Dec.22, 2013

World's hardest Christmas trees

With 3D printing processes, shapes can be produced that would be impossible using any other production process. Experienced material researcher Olaf Rehme of Siemens Corporate Technology (CT) has used a 3D printer to create Christmas trees from gas turbine steel. The special steel that Rehme uses for printing the Christmas trees is a nickel alloy.

During the process, commonly known as direct metal laser sintering, the laser beam moves across the bed of metal powder, releasing high energy in the form of heat and melting the metal, and generates an initial layer of the three-dimensional object. Parts are built up additively layer by layer. At the end of the process, a large amount of powder is left over that can be reused for the next printing cycle. This process allows for highly complex geometries to be created directly from the 3D CAD data, fully automatically, in hours and without any tooling.

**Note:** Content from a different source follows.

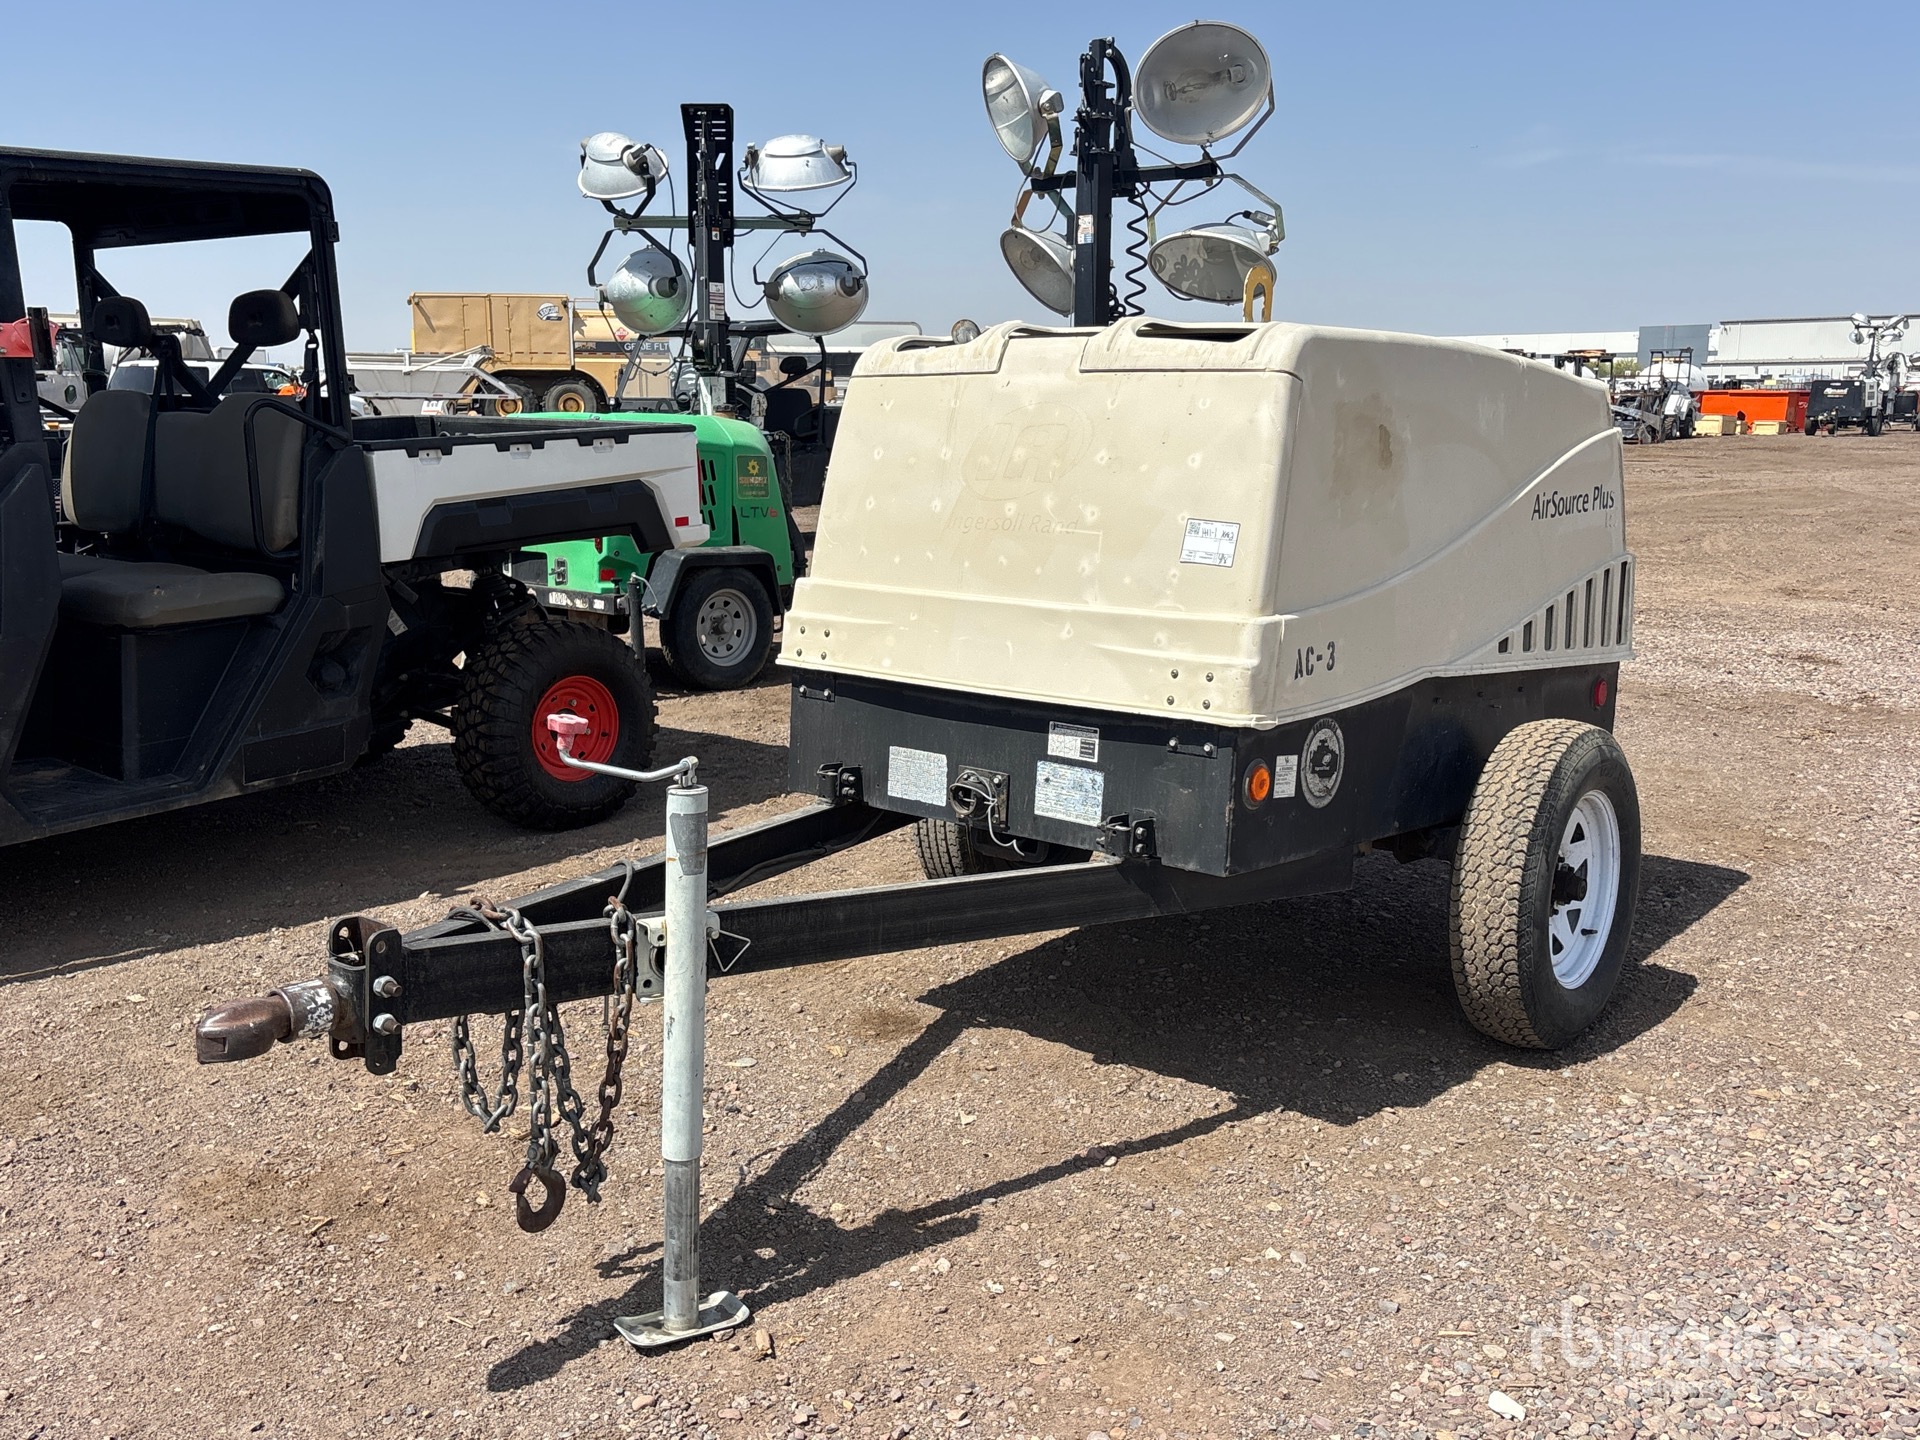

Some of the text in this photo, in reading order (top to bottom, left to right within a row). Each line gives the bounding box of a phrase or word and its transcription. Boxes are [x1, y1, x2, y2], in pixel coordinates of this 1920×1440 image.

If you look closely, you'll see the printed tree's fine structure.

Siemens has been using 3D printing processes to speed up gas turbine repair. For certain types of turbines, defective burner parts are simply reprinted on a 3D printer, reducing repair times by as much as 90 percent. Researchers at Siemens CT are now working on processing techniques that would be able to printing objects with extremely high ductility. To generate electricity, turbines have to turn and turn fast. It means that materials of turbine blades need to have high ductability against the massive centrifugal forces. 3D printing with metals can't yet meet these demands. For the little steel-hard trees, however, the technology is sufficient.

Images: Siemens

Researchers hope someday it may be possible to print turbine blades with delicate internal air ducts. This would improve blade cooling, which would not only permit higher temperatures in the combustion chamber but also increase efficiency.

3D laser printed reindeer

Advanced materials experts at the University of Birmingham have gotton into the festive spirit by creating an aluminium 3D printed reindeer, using the same technology as Siemens, direct metal laser sintering.

Dr Moataz Attallah, from the University of Birmingham's School of Metallurgy and Materials, said: "The joy of Christmas brought to you by 3D printing, where in the future Santa could be printing your Christmas presents!"